Portraits de trois jeunes gens, aussi passionnés que leur époque à la croisée des courants artistiques (Pointillistes, Impressionnistes, Synthétistes, Symbolistes, Naturalistes, Nabis …), où l’on s’enthousiasme ou s’indigne au vu de certaines toiles, exposées à l’occasion de salons très courus, en France ou en Belgique.

Quel bonheur que ce roman épistolaire qui vous emmène derechef à Pont-Aven et c’est comme si vous y étiez, lorsque Hugo, après avoir décrit le paysage à Hazel, poursuit :
« Comme tu vois, c’est pittoresque au vrai sens du terme : tout y fait sujet de tableau.
On croise des Bretons au teint brun, aux cheveux rouges, qui portent le costume du pays et s’adossent aux portes, les mains dans les poches, fumant leur pipe en bruyère, et font des modèles si complaisants que ce serait un crime de ne pas planter son chevalet. […] C’est bourré d’Américains et d’Anglais, à tel point que les cartes de restaurant sont écrites dans leur langue. Ils viennent ici pour finir leurs études, comme on irait à Rome pour copier l’Antique ou à Barbizon pour imiter Corot. »
Moi qui avais entendu parler de « l’école de Pont-Aven » mais sans vraiment savoir ce que cela recouvrait (avec ce drôle d’usage du terme « école », qu’on retrouve pour Barbizon, alors qu’il ne s’agit pas d’une école mais d’un courant et encore, peut-on parler d’un courant quand Gauguin n’appartient à aucun ?), j’ai beaucoup apprécié cette immersion bien plus vivante et intéressante qu’une notice encyclopédique.
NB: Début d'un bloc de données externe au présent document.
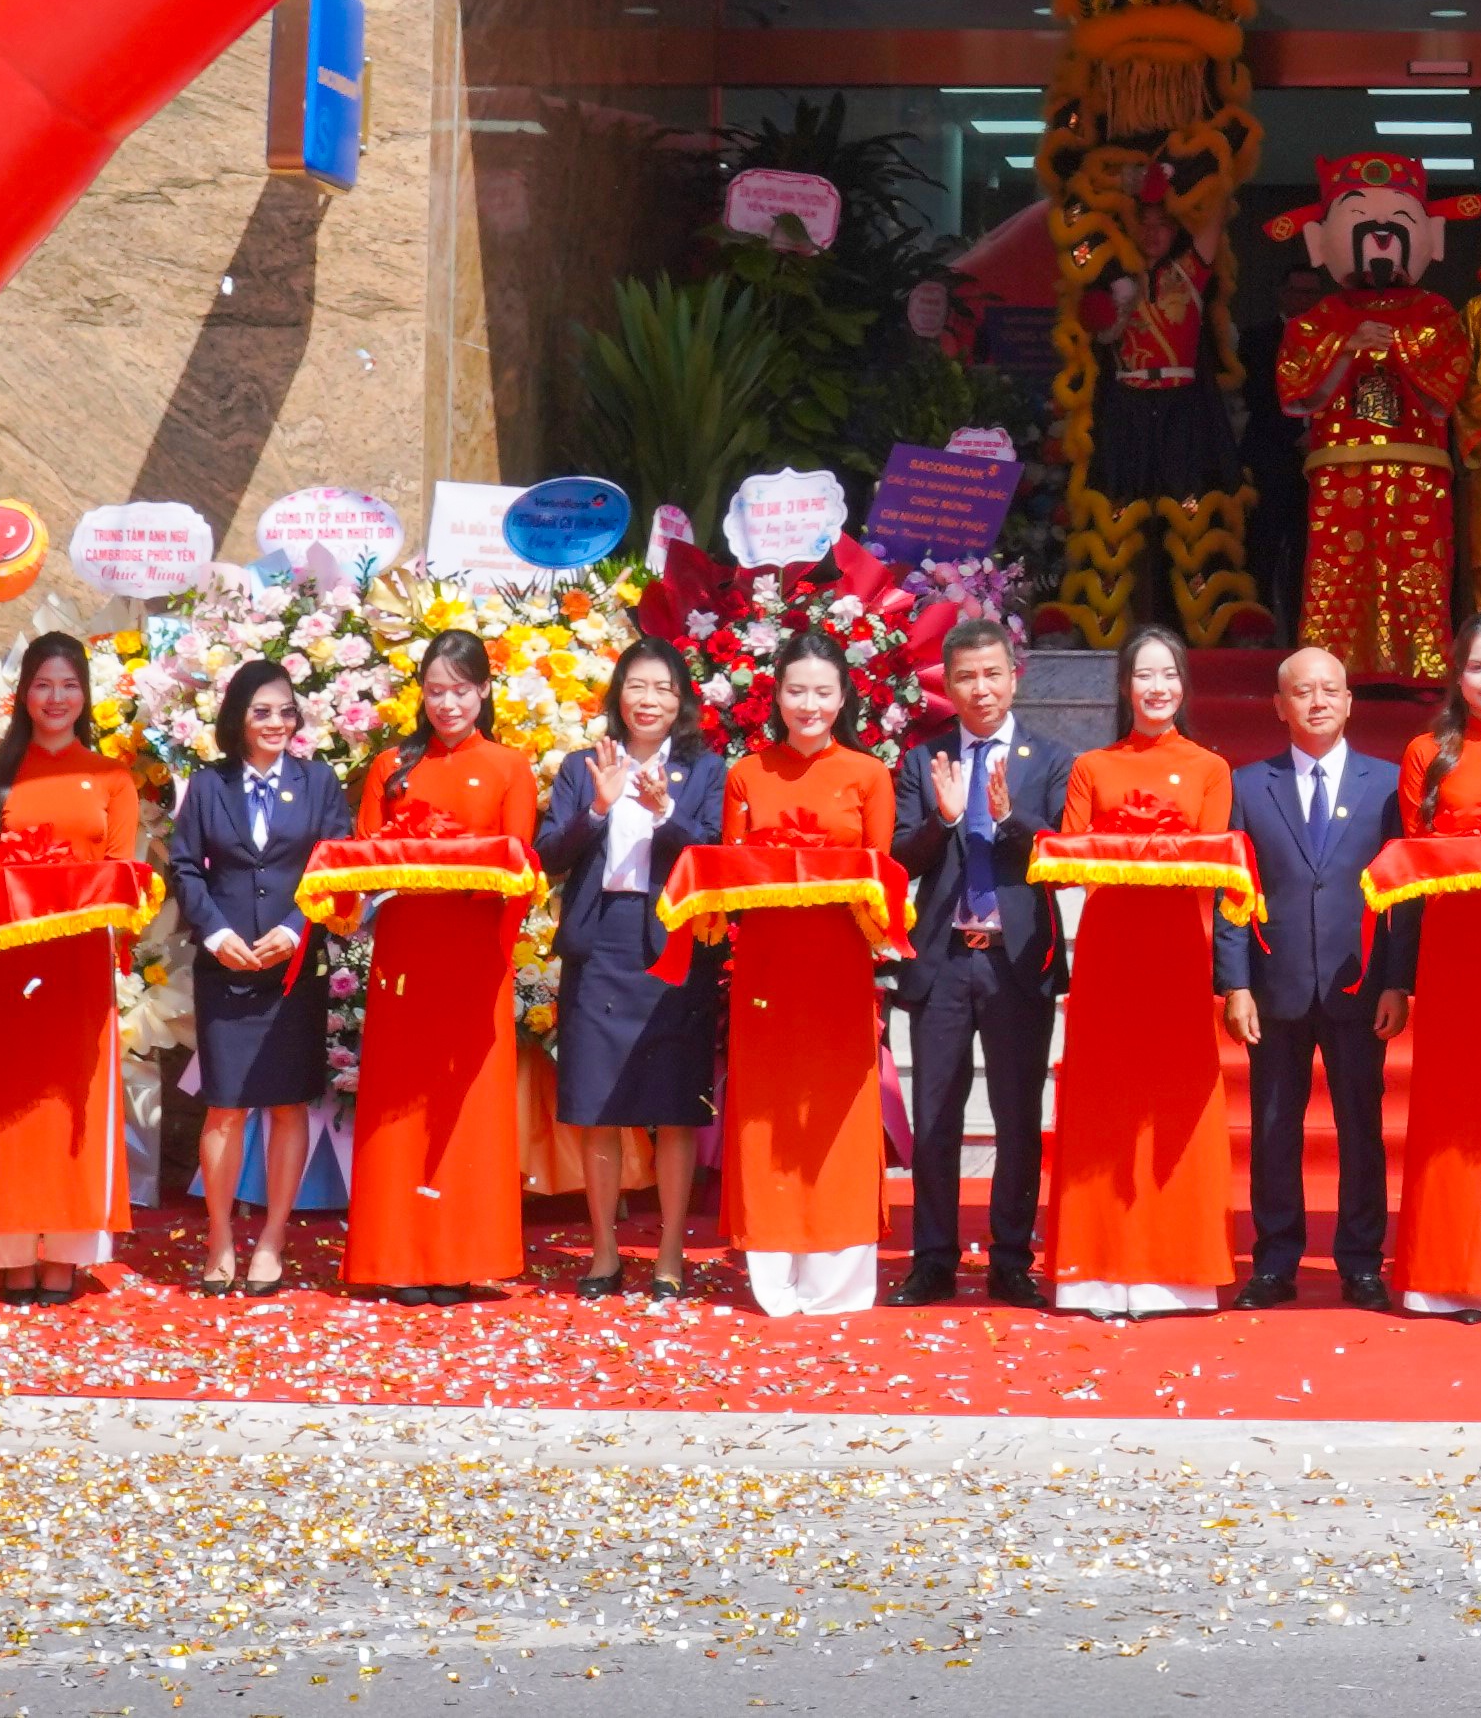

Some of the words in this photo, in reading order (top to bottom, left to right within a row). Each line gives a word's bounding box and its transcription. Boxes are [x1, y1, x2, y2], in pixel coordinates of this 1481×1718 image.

Vivant est d’ailleurs le qualificatif qui convient le mieux à ce livre, où les personnalités (toutes attachantes) apparaissent clairement au fil de leurs lettres enlevées et sensibles : Hugo, avec ses doutes et sa tendance mélancolique, Tobias le tourmenté et la pétillante et spontanée Hazel (qui m’a fait rire avec son affaire de nu masculin). C’est grâce à eux que l’on peut percevoir cette fin du 19ème siècle (en dehors de la peinture, on entend aussi parler de Jack l’Eventreur, dont la sinistre réputation franchit la Manche, de la construction de la tour Eiffel et on fait même un petit tour à l’Exposition Universelle, preuve que c’était vraiment un roman pour moi !), sans que jamais cela ne vire au procédé. Nos trois jeunes gens sont les héros à part entière de leur(s) histoire(s) parfois mêlées, quand bien même l’histoire (essentiellement artistique) de leur époque voudrait parfois leur voler la vedette.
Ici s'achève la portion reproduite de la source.